[Supplied data]

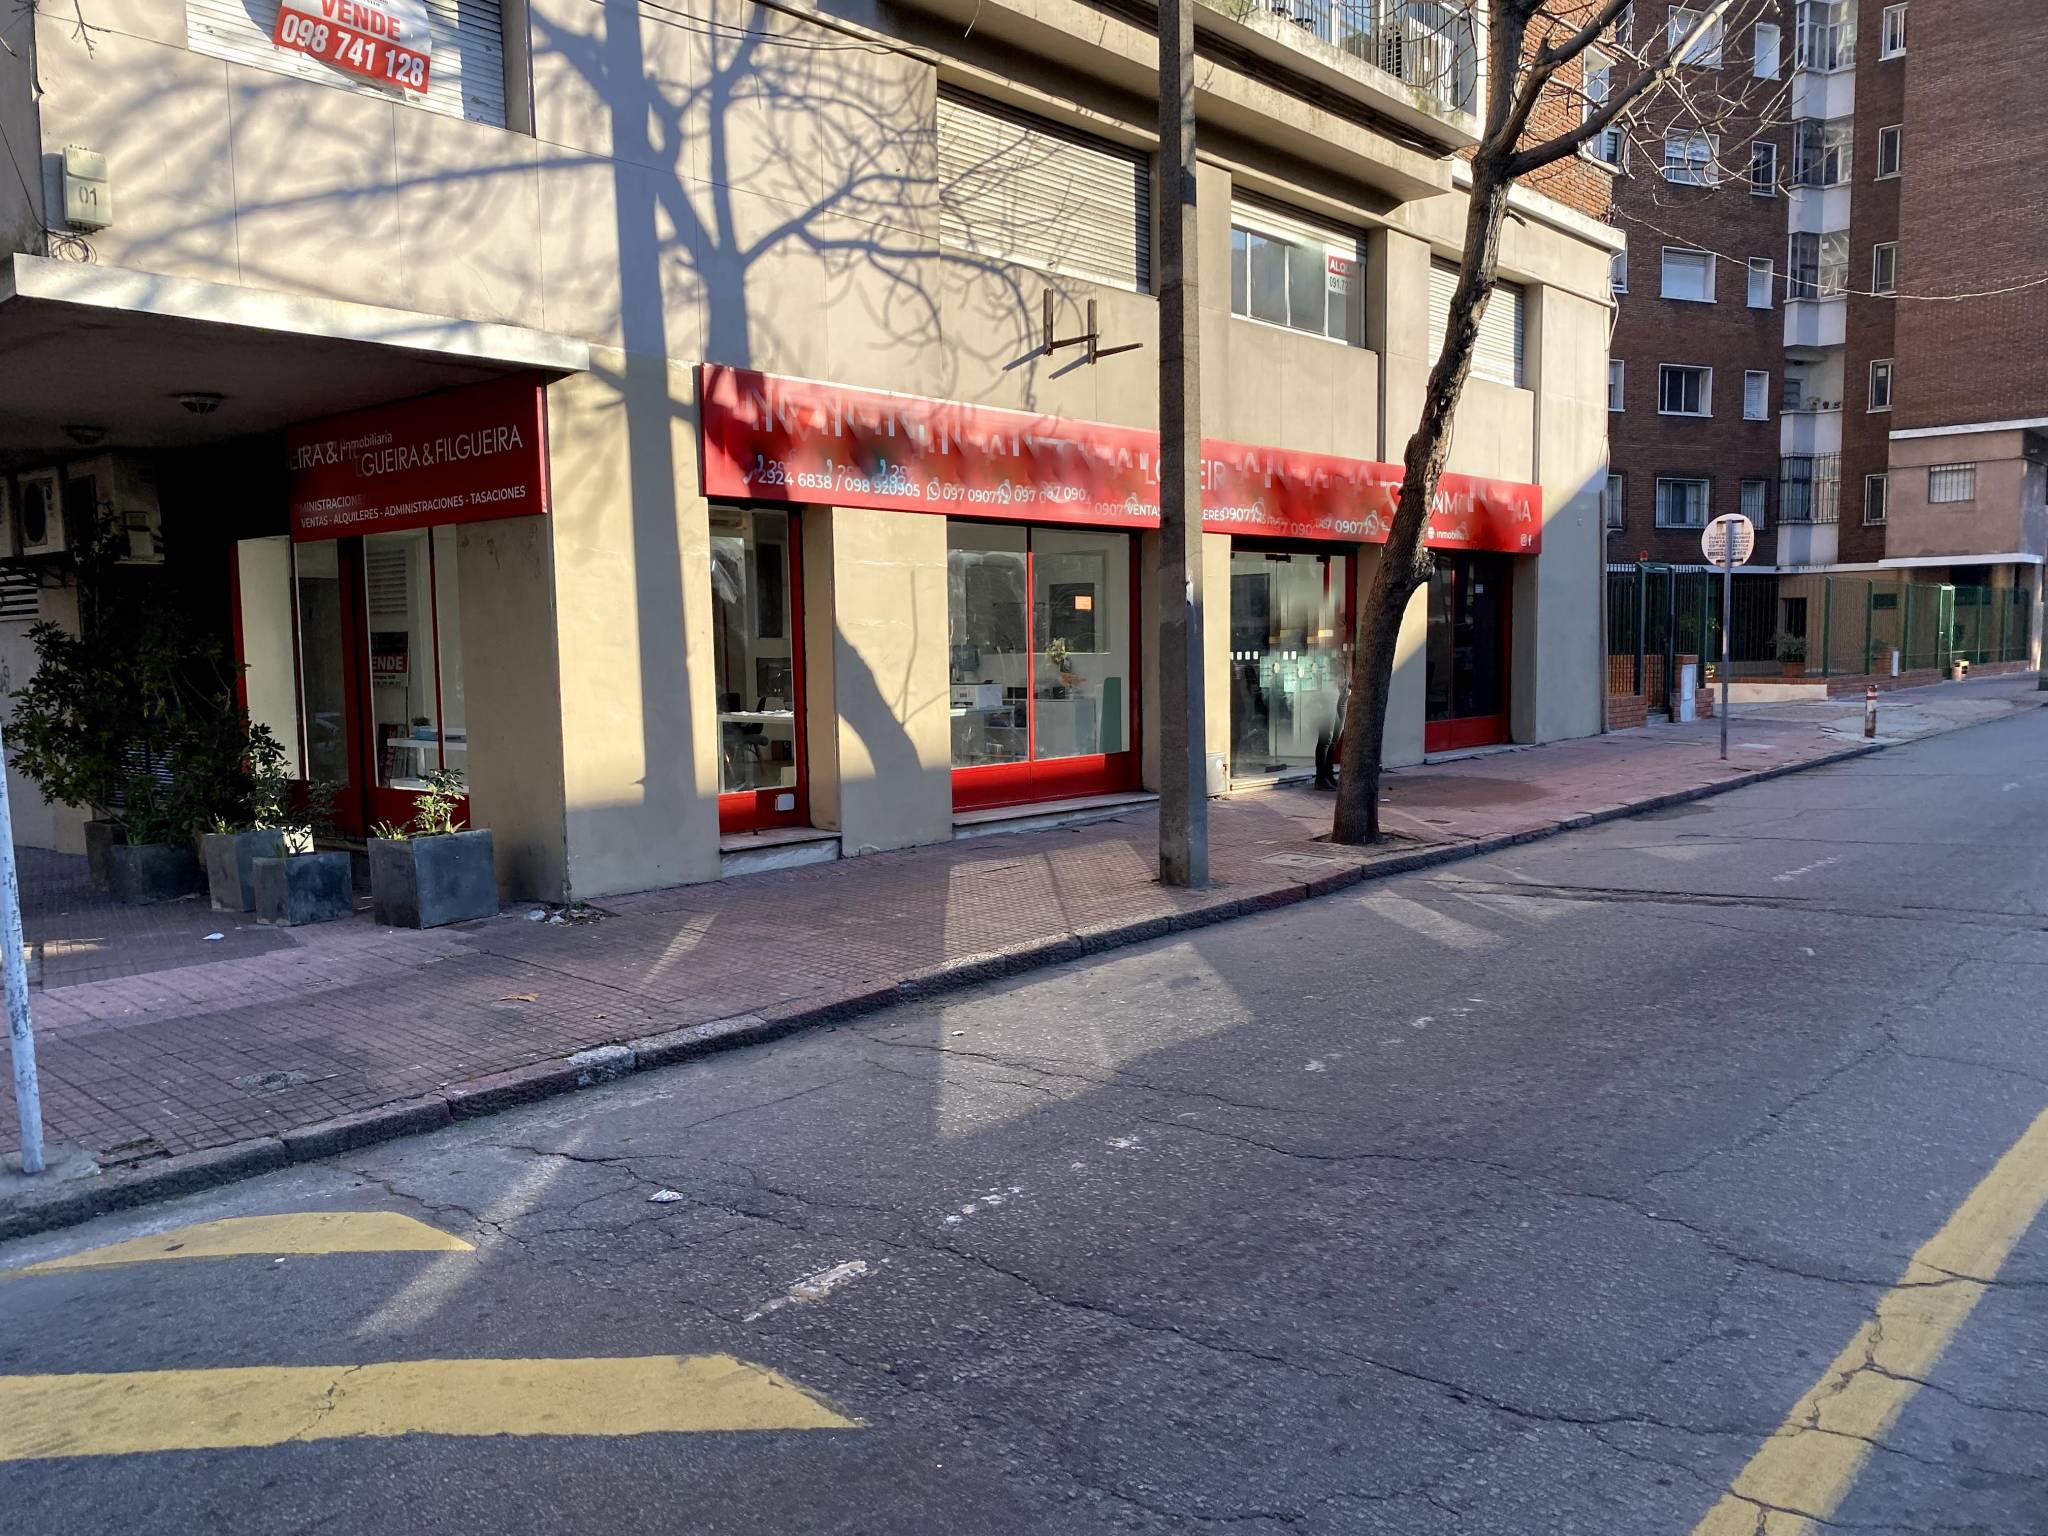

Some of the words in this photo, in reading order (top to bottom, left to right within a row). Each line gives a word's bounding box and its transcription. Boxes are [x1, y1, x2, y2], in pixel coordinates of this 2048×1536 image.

[321, 0, 400, 42] VENDE
[281, 14, 329, 53] 098
[335, 30, 376, 71] 741
[385, 49, 425, 87] 128
[79, 186, 97, 206] 01
[757, 469, 794, 486] 2924
[797, 473, 832, 489] 6838
[844, 478, 871, 493] 098
[301, 516, 328, 528] VENTAS
[333, 508, 379, 524] ALQUILERES
[384, 495, 464, 517] ADMINISTRACIONES
[470, 485, 526, 505] TASACIONES
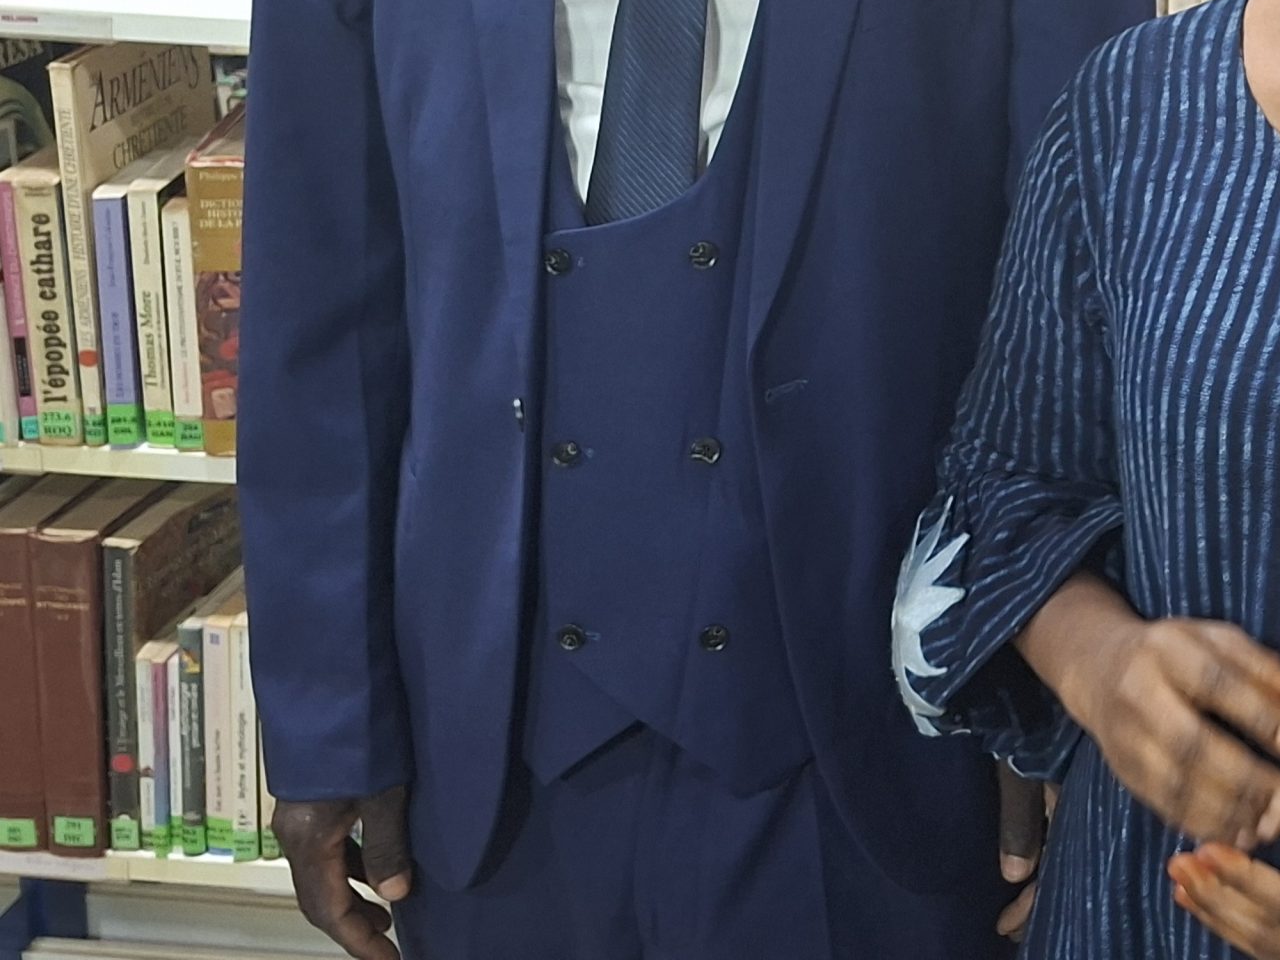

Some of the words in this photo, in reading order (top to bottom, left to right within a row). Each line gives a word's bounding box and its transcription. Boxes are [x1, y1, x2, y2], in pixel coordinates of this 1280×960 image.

[30, 213, 58, 301] cathare
[138, 291, 153, 328] More
[36, 309, 69, 404] l'épopée
[143, 332, 158, 390] Thomas
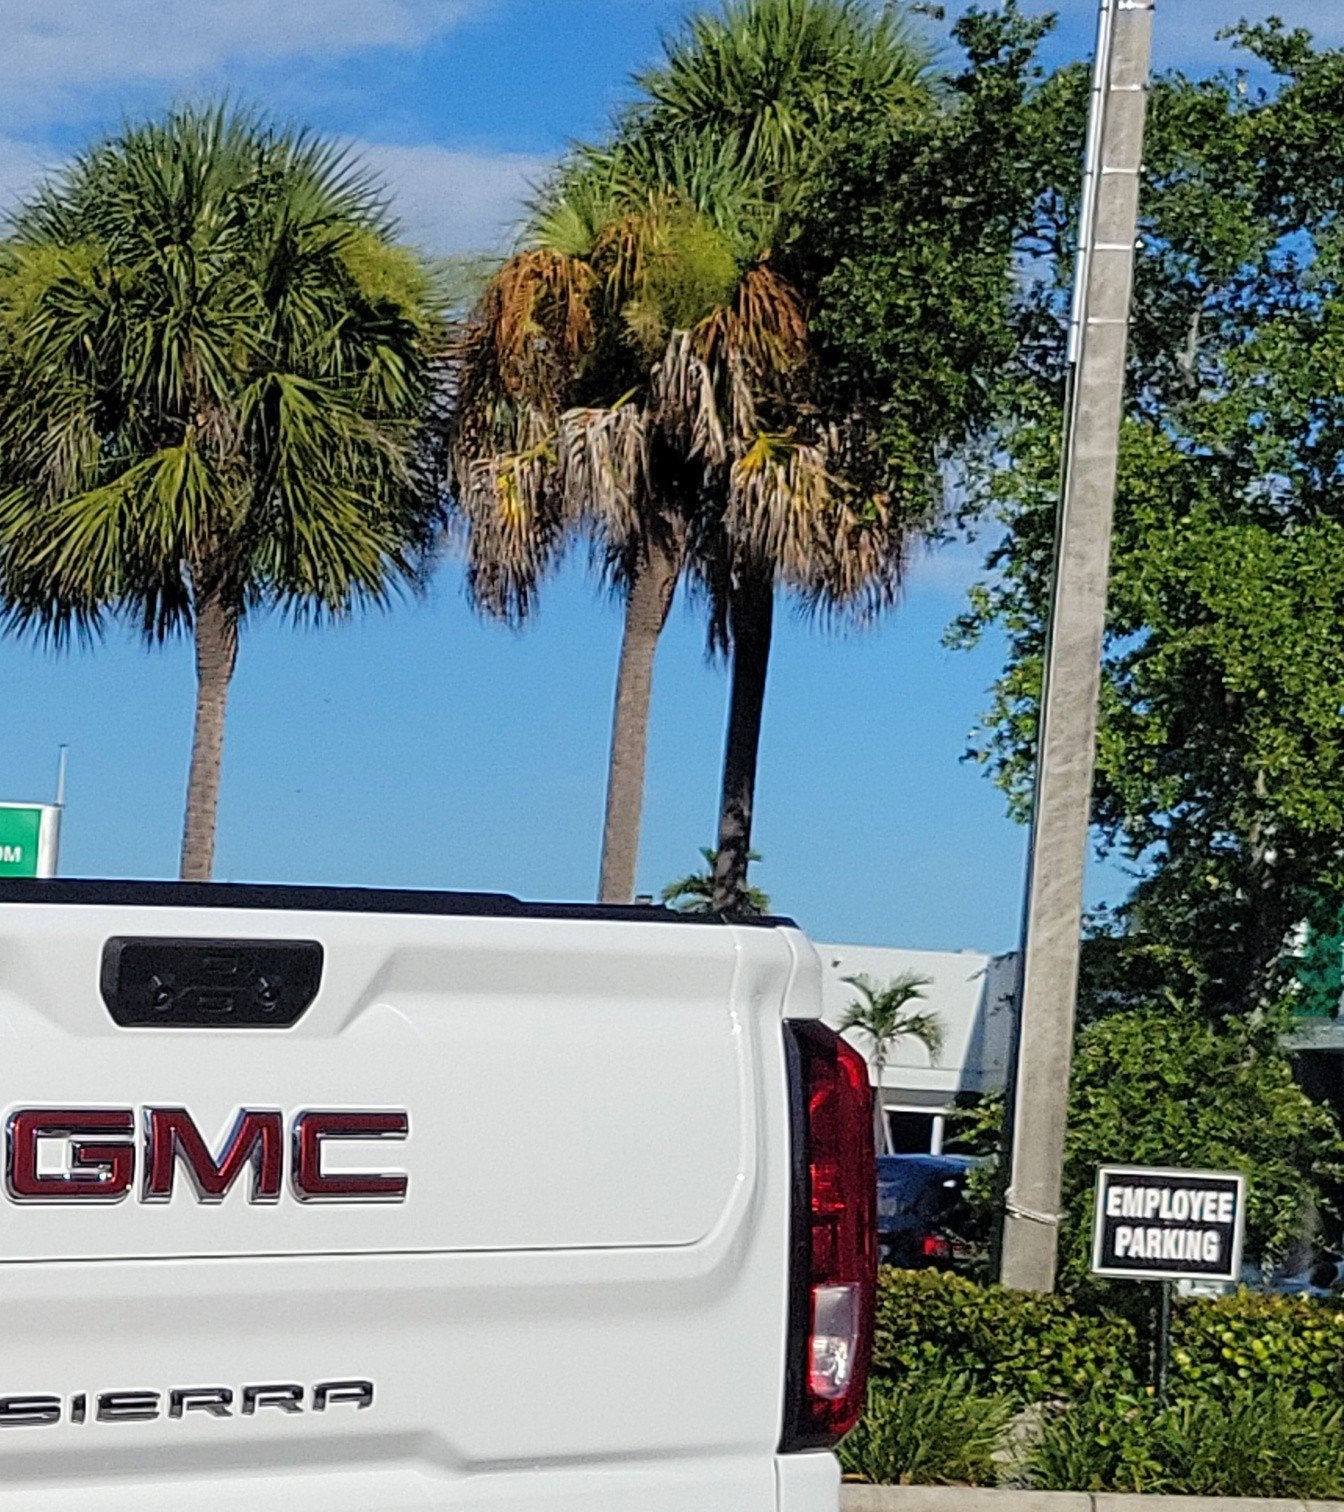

[/Supplied data]

Task details:
What is needed is an exact printout of every record above, with the pictures left out.

Exercise solution:
Some of the words in this photo, in reading order (top to bottom, left to right within a row). Each line gives a word's bounding box and its transcription. Boxes are [x1, y1, x2, y2], in pixel coordinates of this 2048×1536 image.

[321, 0, 400, 42] VENDE
[281, 14, 329, 53] 098
[335, 30, 376, 71] 741
[385, 49, 425, 87] 128
[79, 186, 97, 206] 01
[757, 469, 794, 486] 2924
[797, 473, 832, 489] 6838
[844, 478, 871, 493] 098
[301, 516, 328, 528] VENTAS
[333, 508, 379, 524] ALQUILERES
[384, 495, 464, 517] ADMINISTRACIONES
[470, 485, 526, 505] TASACIONES

Some of the words in this photo, in reading order (top to bottom, left to right within a row). Each line gives a word's bounding box and its transcription. Boxes are [x1, y1, x2, y2], in pixel coordinates of this 1280×960 image.

[30, 213, 58, 301] cathare
[138, 291, 153, 328] More
[36, 309, 69, 404] l'épopée
[143, 332, 158, 390] Thomas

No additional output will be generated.